The room was preternaturally silent. Then Shirley swung round to her twin.

“I know now, Maureen! It’s the bottle top. Last time we took one of the homogenized bottles from the fridge, the kind with the silver cap. But when we came back into the demonstration room after breakfast it was different. Don’t you remember? The cap was gold. It was Channel Island milk.”

Nurse Goodale said quietly from her chair: “Yes. I remember too. The only cap I saw was gold.”

Maureen looked across at Masterson in puzzled inquiry.

“So someone must have changed the cap?”

Before he had a chance to reply they heard Madeleine Goodale’s calm voice.

“Not necessarily the cap. Somebody changed the whole bottle.”

Masterson did not reply. So the old man had been right! The solution of disinfectant had been made up carefully and at leisure and the lethal bottle substituted for the one from
which Morag Smith had drunk. And what had happened to the original bottle? Almost certainly it had been left in the small kitchen on the Sisters’ floor. Wasn’t it Sister Gearing who had complained to Miss Collins that the milk was watery?

2

Dalgliesh’s business at the Yard was quickly completed and by eleven o’clock he was in North Kensington.

Number 49 Millington Square, W. 10, was a large dilapidated Italianate house fronted with crumbling stucco. There was nothing remarkable about it. It was typical of hundreds in this part of London. It was obviously divided into bed-sitting-rooms since every window showed a different set of curtains, or none, and it exuded that curious atmosphere of secretive and lonely over-occupation which hung over the whole district. Dalgliesh saw that there was no bank of bell pushes in the porch and no neat list of the tenants. The front door was open. He pushed through the glass-panelled door which led to the hall and was met at once by a smell of sour cooking, floor polish and unwashed clothes. The walls of the hall had been papered with a thick encrusted paper, now painted dark brown, and glistening as if it exuded grease and perspiration. The floor and staircase were laid with a patterned linoleum, patched with a brighter newer design where the tears would have been dangerous, but otherwise torn and
unmended. The paintwork was an institutional green. There was no sign of life but, even at this time of the day, he felt its presence behind the tightly closed and numbered doors as he made his way unchallenged to the upper floors.

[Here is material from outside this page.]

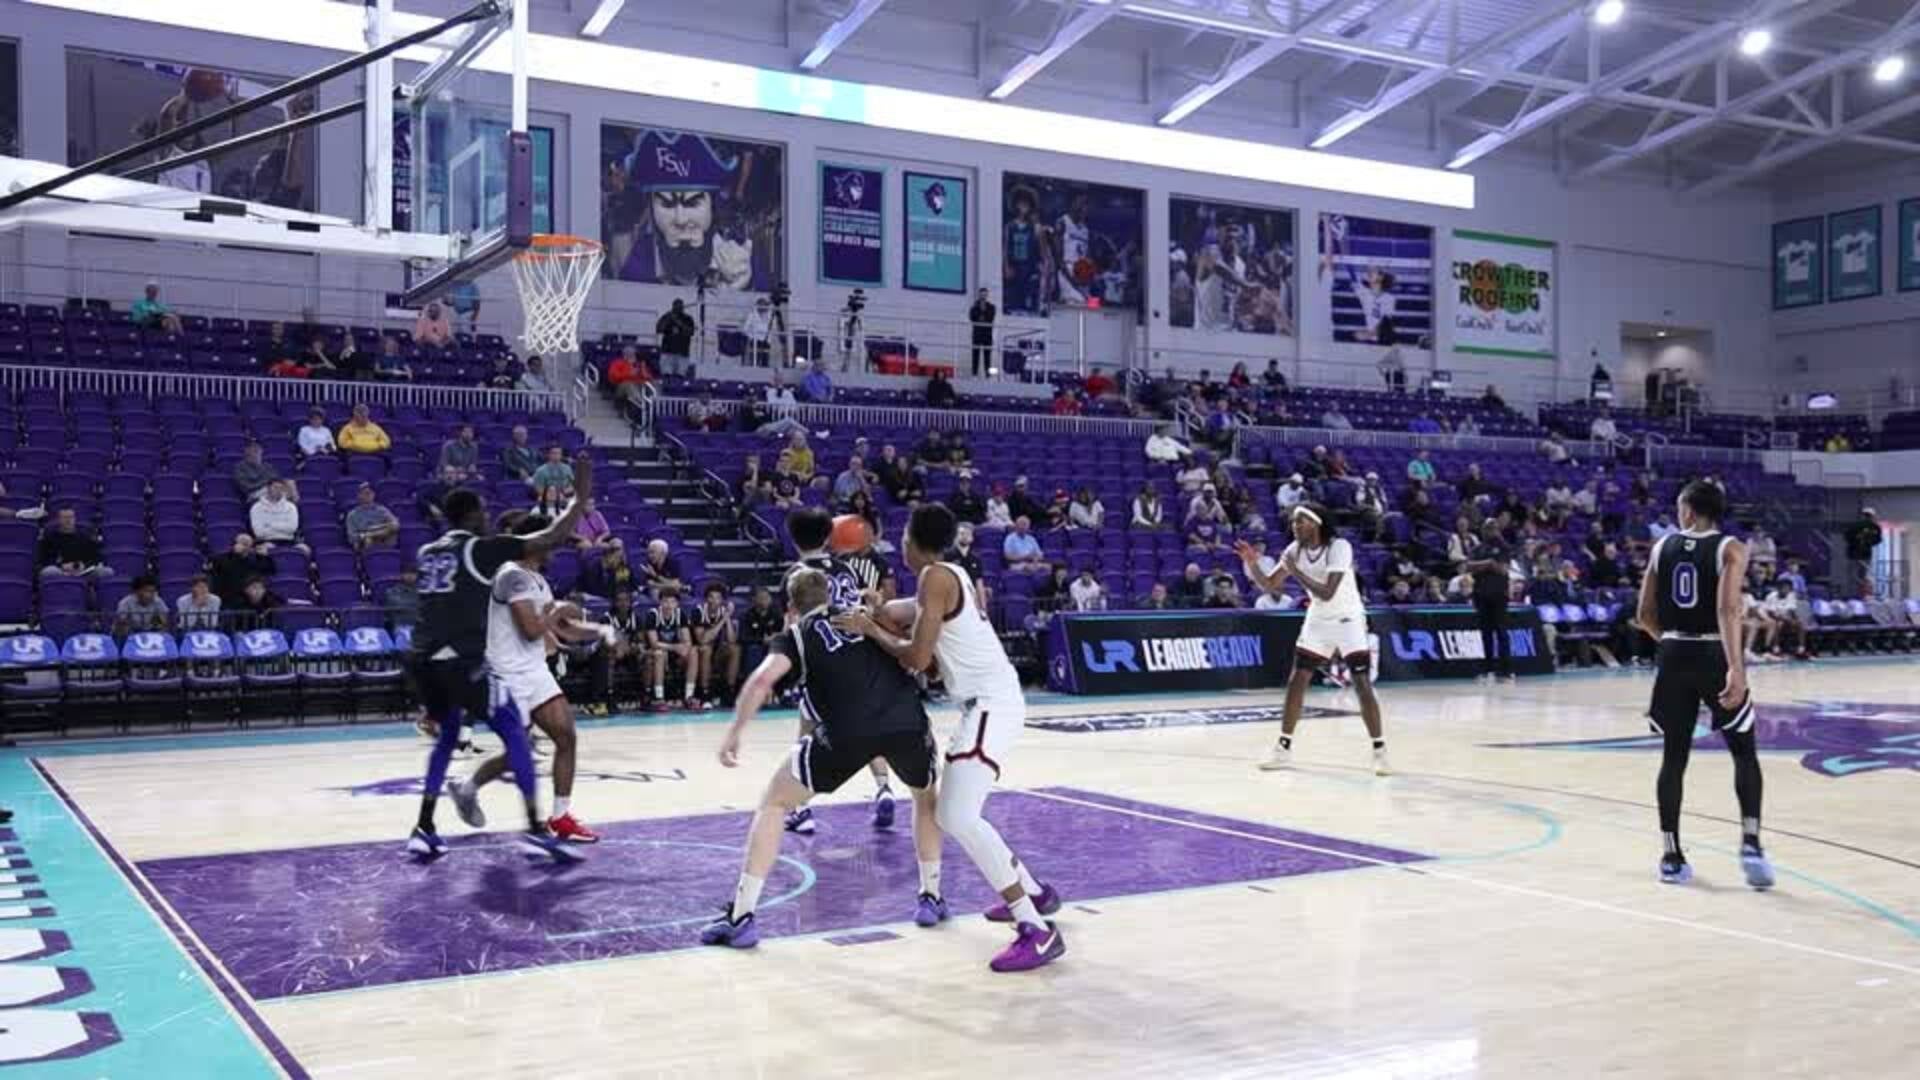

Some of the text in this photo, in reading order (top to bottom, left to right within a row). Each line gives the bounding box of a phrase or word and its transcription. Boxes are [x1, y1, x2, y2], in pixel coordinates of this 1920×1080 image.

[656, 147, 690, 176] FSW
[1460, 285, 1540, 313] ROOFING
[1672, 561, 1699, 609] 0

Number 14 was on the top floor at the back. As he approached the door he heard the sharp staccato clatter of typing. He knocked loudly and the sound stopped. There was a wait of more than a minute before the door half opened and he found himself facing a pair of suspicious and unwelcoming eyes.

“Who are you? I’m working. My friends know not to call in the mornings.”

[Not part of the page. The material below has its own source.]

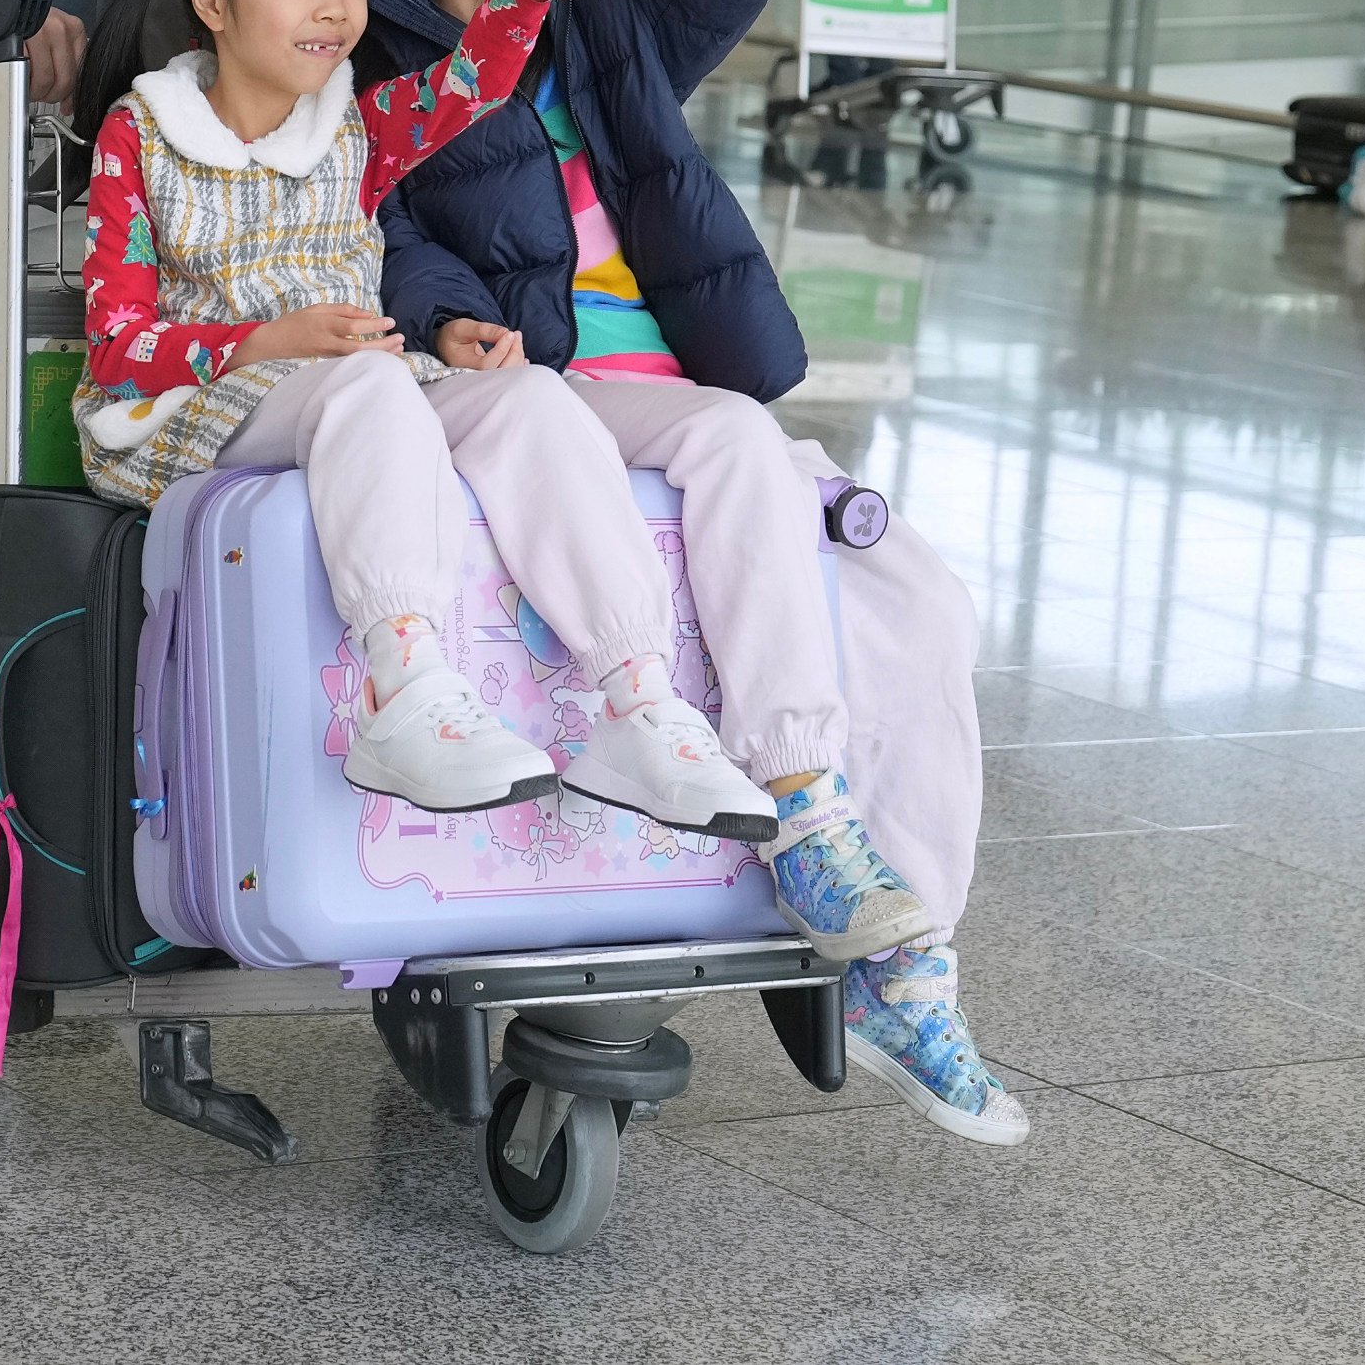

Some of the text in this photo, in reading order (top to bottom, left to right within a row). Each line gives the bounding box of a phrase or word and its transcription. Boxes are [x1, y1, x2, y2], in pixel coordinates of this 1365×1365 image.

“But I’m not a friend. May I come in?”

“I suppose so. But I can’t spare you much time. And I don’t think it’ll be worth your while. I don’t want to join anything; I haven’t the time. And I don’t want to buy anything because I haven’t the money. Anyway, I’ve got everything I need.” Dalgliesh showed his card.

“I’m not buying or selling; not even information, which is what I’m here for. It’s about Josephine Fallon. I’m a police officer and I’m investigating her death. You, I take it, are Arnold Dowson.”

The door opened wider.

“You’d better come in.” No sign of fear but perhaps a certain wariness in the grey eyes.

It was an extraordinary room, a small attic with a sloping roof and a dormer window, furnished almost entirely with crude and unpainted wooden boxes, some still stencilled with the name of the original grocer or wine merchant. They had been ingeniously fitted together so that the walls were honeycombed from floor to ceiling with pale wooden cells, irregular in size and shape and containing all the impedimenta of daily
living. Some were stacked close with hard-backed books; others with orange paperbacks. Another framed a small two-bar electric fire, perfectly adequate to heat so small a room. In another box was a neat pile of clean but unironed clothes. Another held blue-banded mugs and other crockery, and yet another displayed a group of
objets trouvés
, seashells, a Staffordshire dog, a small jam jar of bird feathers. The single bed, blanket-covered, was under the window. Another upturned box served as a table and desk. The only two chairs were the folding canvas type sold for picnicking. Dalgliesh was reminded of an article once seen in a Sunday colour supplement on how to furnish your bed-sitting-room for under £50. Arnold Dowson had probably done it for half the price. But the room was not unpleasing. Everything was functional and simple. It was perhaps too claustrophobic for some tastes and there was something obsessional in the meticulous tidiness and the way in which every inch of space had been used to the full which prevented it from being restful. It was the room of a self - sufficient, well-organized man who, as he had told Dalgliesh, plainly had everything he wanted.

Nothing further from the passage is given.